The Tensorflow implementation of "Review-driven Answer Generation for Product-related Questions in E-commerce ", WSDM 2019.
Feel free to contact me if you find any problem in the package. sqchen@whu.edu.cn
Tensorflow 1.0.0 Gensim 3.6.0 Numpy 1.13.3
To run the RAGE, you need to prepare your own data as follow:
Each training sample is a pair of question and answer with its auxiliary review snippets. Example:
Sessionid \t Question \t Answer \t Review_snippet1 \t Review_snippet2 …
The question and answer are described as: word1POS tag word2POS tag …
The review_snippet is described as: WMD|word1 word2 word3 …
Note: the data detail could be check in ./data/sample.txt. You could calculate WMD and extract the auxiliary review snippets using Gensim.
The stop word list. Example:
stop_word1 \n stop_word2 …
Note: the detail could be check in ./data/stopword.dic
Each line is the word appear in training and testing dataset with its frequency. And the words are arranged in reverse order.
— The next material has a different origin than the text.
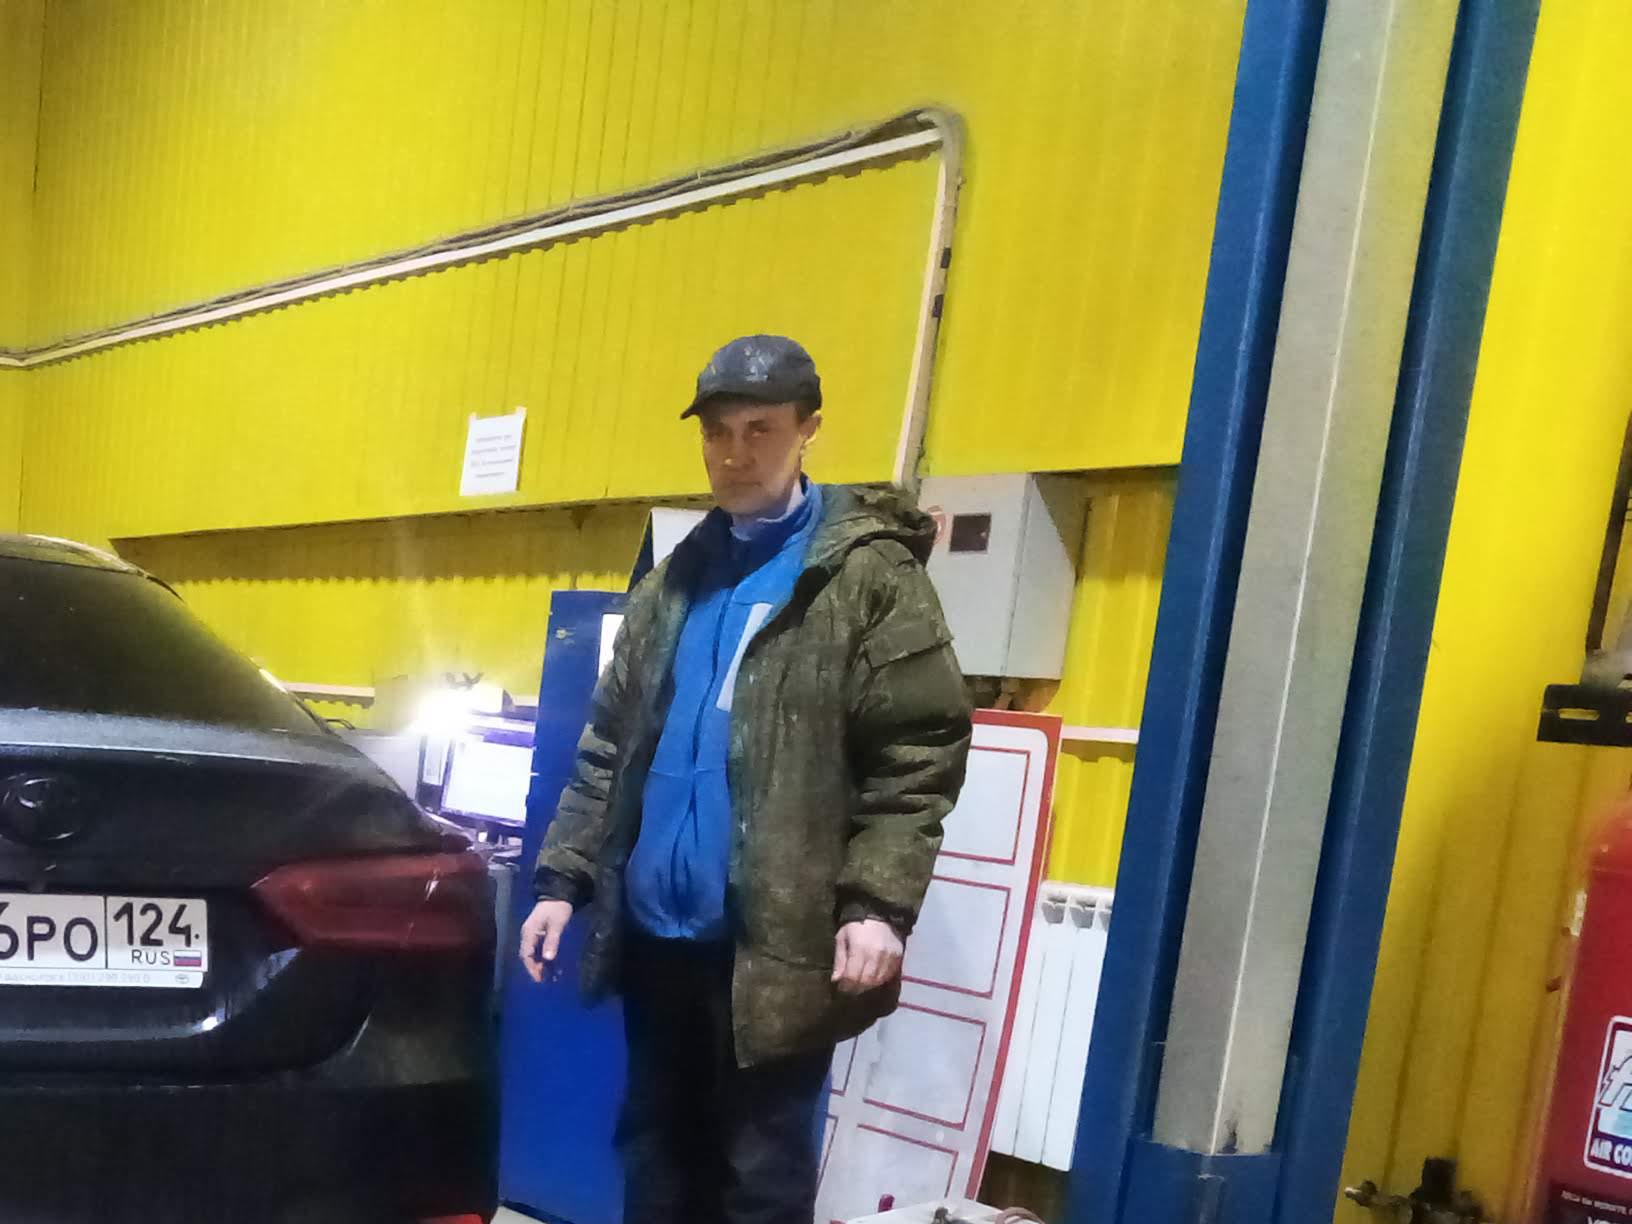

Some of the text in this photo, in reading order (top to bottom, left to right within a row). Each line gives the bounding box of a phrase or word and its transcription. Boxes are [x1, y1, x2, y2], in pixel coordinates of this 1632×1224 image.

[113, 901, 192, 948] 124
[131, 949, 171, 966] RUS
[1614, 1144, 1632, 1167] CO
Example:
word1: frequency \n word2: frequency
Note: the detail could be check in ./data/wdj_word_fre.txt
You could pre-train the word embedding of dataset by Gensim, and save the model as the data format of ./data/wdj_word_emd.txt
The maximum probability POS tag for each word in Vocabulary file, which are used for answer generation. Example:
word1:POS_tag \n word2:POS_tag
Note: the detail could be check in ./data/wdj_word_pos.txt
MODE: train or inference
EPOCH: number of training epoch
BATCH_SIZE: batch size
LEARNING_RATE: learning rate
EMD_SIZE: word embedding size, POS tag embedding size and position embedding size
VOCAB_SIZE: valid vocabulary size, must add extra PAD, START, EOS
START_TOKEN: start token sign
EOS_TOKEN: end token sign
PAD: padding sign
EMD_KEEP_PROB: the dropout keep prob between embedding space to hidden space
LAYER_KEEP_PROB: the dropout keep prob between layer and layer
OUT_KEEP_PROB: the dropout keep prob for the final layer output
ENC_LAYER: number of encoder layer
DEC_LAYER: number of decoder layer
ENC_FM_LIST: number of filters of gated convolutional network for each layer in encoder, should be represented as a list [200,200,..]
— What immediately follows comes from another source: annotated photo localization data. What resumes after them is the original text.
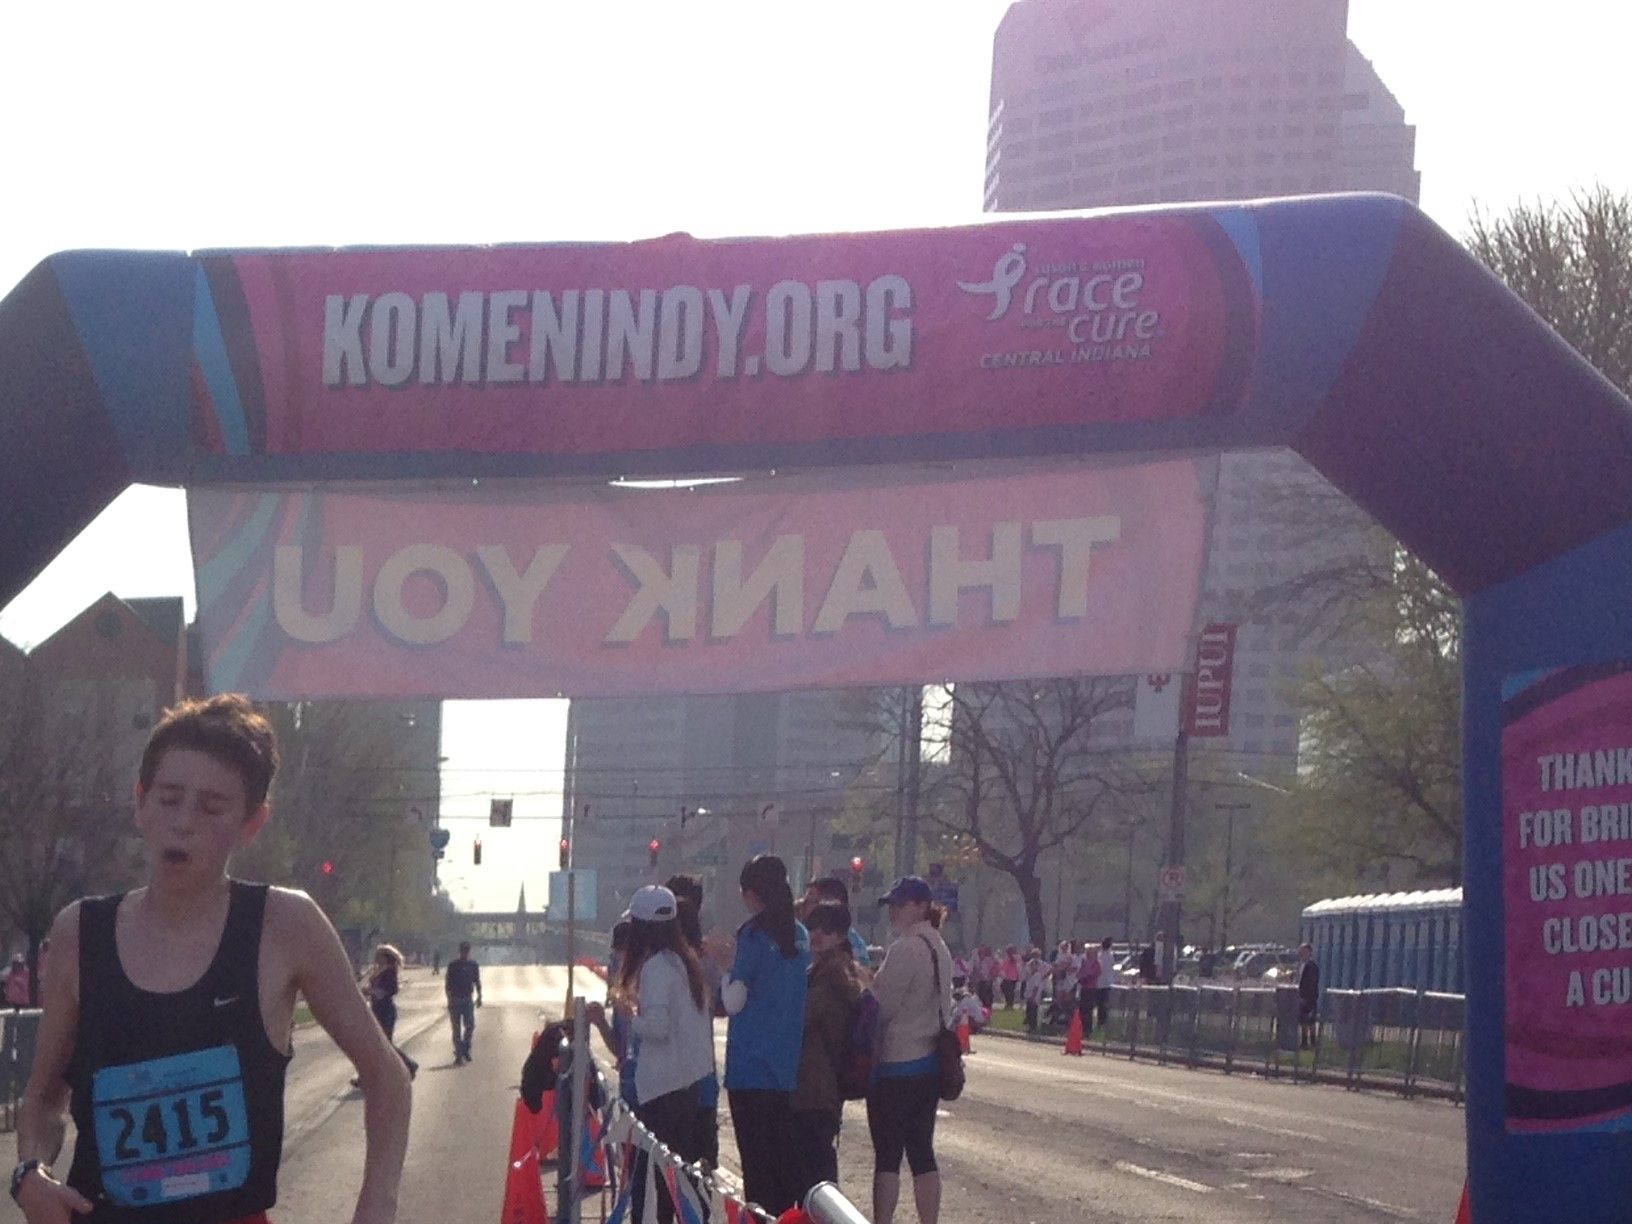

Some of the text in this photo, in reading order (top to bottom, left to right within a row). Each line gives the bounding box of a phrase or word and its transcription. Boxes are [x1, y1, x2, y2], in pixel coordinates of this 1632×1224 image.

[1023, 271, 1145, 315] race
[320, 273, 913, 386] KOMENINDY.ORG
[1068, 310, 1160, 343] cure
[979, 342, 1152, 369] CENTRAL INDIANA
[1194, 632, 1229, 730] IUPUI
[1519, 803, 1632, 849] FOR BRI
[1529, 858, 1632, 901] US ONE
[1542, 911, 1632, 954] CLOSE
[1566, 970, 1585, 1008] A
[109, 1089, 231, 1160] 2415
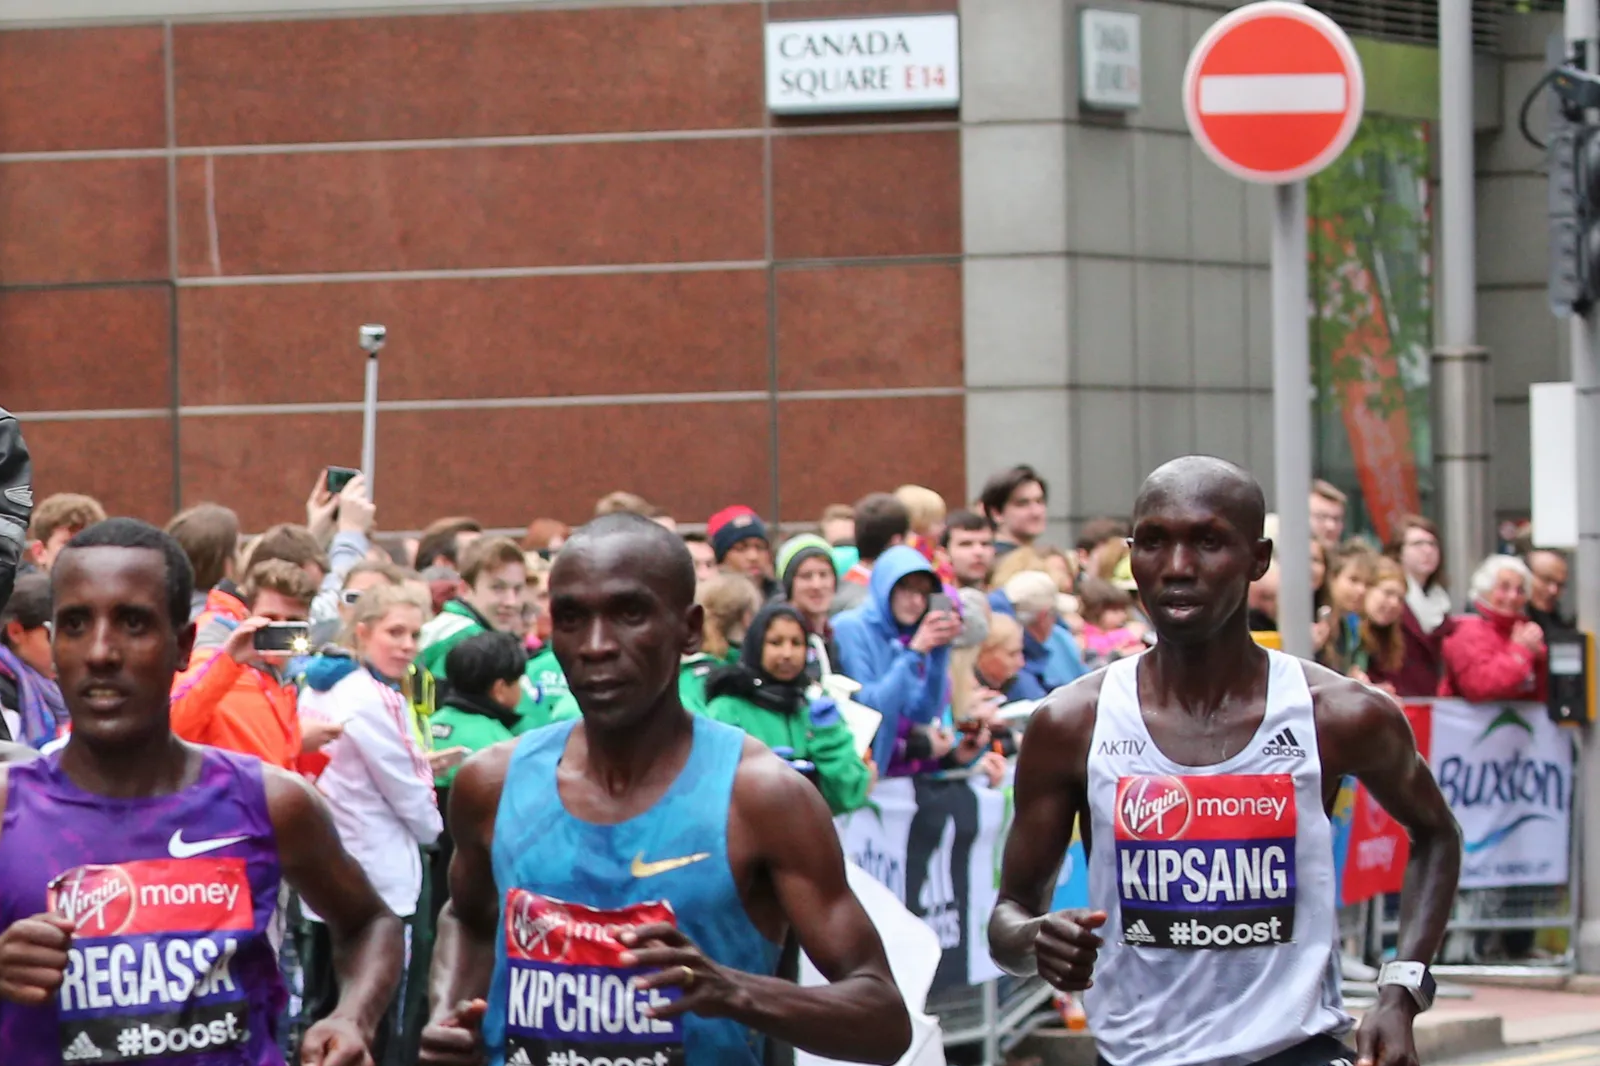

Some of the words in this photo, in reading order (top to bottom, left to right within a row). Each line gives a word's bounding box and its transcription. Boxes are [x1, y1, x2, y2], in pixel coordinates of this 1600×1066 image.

[779, 31, 910, 60] CANADA
[780, 66, 892, 97] SQUARE
[904, 65, 946, 90] E14
[1097, 740, 1147, 756] AKTIV
[1262, 744, 1306, 758] adidas
[1439, 748, 1564, 813] Buxton
[1124, 779, 1185, 834] Virgin
[1197, 797, 1287, 821] money
[1120, 846, 1288, 903] KIPSANG
[57, 868, 128, 930] Virgin
[140, 882, 240, 911] money
[1169, 916, 1282, 946] #boost
[60, 937, 238, 1011] REGASSA
[117, 1012, 238, 1057] #boost
DEC_FM_LIST: number of filters of gated convolutional network for each layer in decoder, should be represented as a list [200,200,..]
ENC_KWIDTH_LIST: window size of gate convolutional network for each layer in encoder, should be represented as a list[3,3,..]
DEC_KWIDTH_LIST: window size of gate convolutional network for each layer in decoder, should be represented as a list[3,3,..]
POS_SIZE: number of POS tag
MAX_COM_VOCAB: the maximum size of review weighted vocabulary
MAX_EN_LEN: the maximum length of question
MAX_DE_LEN: the maximum length of answer
SAVE_STEP: epoch to save model, when epoch%SAVE_STEP==0 the model would be saved
SAVE_MODEL_PATH: path to save trained model
The main python entry is in class Runner.py. To launch the program there are several parameters must be setting as described above.